Zha Bowen, Cai Angshu, Wang Guiqi
Department of Endoscopy, National Cancer Center/National Clinical Research Center for Cancer/Cancer Hospital, Chinese Academy of Medical Sciences and Peking Union Medical College, Beijing, China.
JMIR Med Inform. 2024 Jul 15;12:e56361. doi: 10.2196/56361.
Some research has already reported the diagnostic value of artificial intelligence (AI) in different endoscopy outcomes. However, the evidence is confusing and of varying quality.
This review aimed to comprehensively evaluate the credibility of the evidence of AI's diagnostic accuracy in endoscopy.

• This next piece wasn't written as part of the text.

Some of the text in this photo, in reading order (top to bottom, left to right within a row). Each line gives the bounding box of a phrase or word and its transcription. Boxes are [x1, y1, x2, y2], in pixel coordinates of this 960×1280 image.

Before the study began, the protocol was registered on PROSPERO (CRD42023483073). First, 2 researchers searched PubMed, Web of Science, Embase, and Cochrane Library using comprehensive search terms. Then, researchers screened the articles and extracted information. We used A Measurement Tool to Assess Systematic Reviews 2 (AMSTAR2) to evaluate the quality of the articles. When there were multiple studies aiming at the same result, we chose the study with higher-quality evaluations for further analysis. To ensure the reliability of the conclusions, we recalculated each outcome. Finally, the Grading of Recommendations, Assessment, Development, and Evaluation (GRADE) was used to evaluate the credibility of the outcomes.

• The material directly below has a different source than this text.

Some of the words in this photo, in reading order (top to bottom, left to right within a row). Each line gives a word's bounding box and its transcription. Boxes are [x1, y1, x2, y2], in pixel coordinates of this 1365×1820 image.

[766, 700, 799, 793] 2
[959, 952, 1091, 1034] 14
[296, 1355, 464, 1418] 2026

A total of 21 studies were included for analysis. Through AMSTAR2, it was found that 8 research methodologies were of moderate quality, while other studies were regarded as having low or critically low quality. The sensitivity and specificity of 17 different outcomes were analyzed. There were 4 studies on esophagus, 4 studies on stomach, and 4 studies on colorectal regions. Two studies were associated with capsule endoscopy, two were related to laryngoscopy, and one was related to ultrasonic endoscopy. In terms of sensitivity, gastroesophageal reflux disease had the highest accuracy rate, reaching 97%, while the invasion depth of colon neoplasia, with 71%, had the lowest accuracy rate. On the other hand, the specificity of colorectal cancer was the highest, reaching 98%, while the gastrointestinal stromal tumor, with only 80%, had the lowest specificity. The GRADE evaluation suggested that the reliability of most outcomes was low or very low.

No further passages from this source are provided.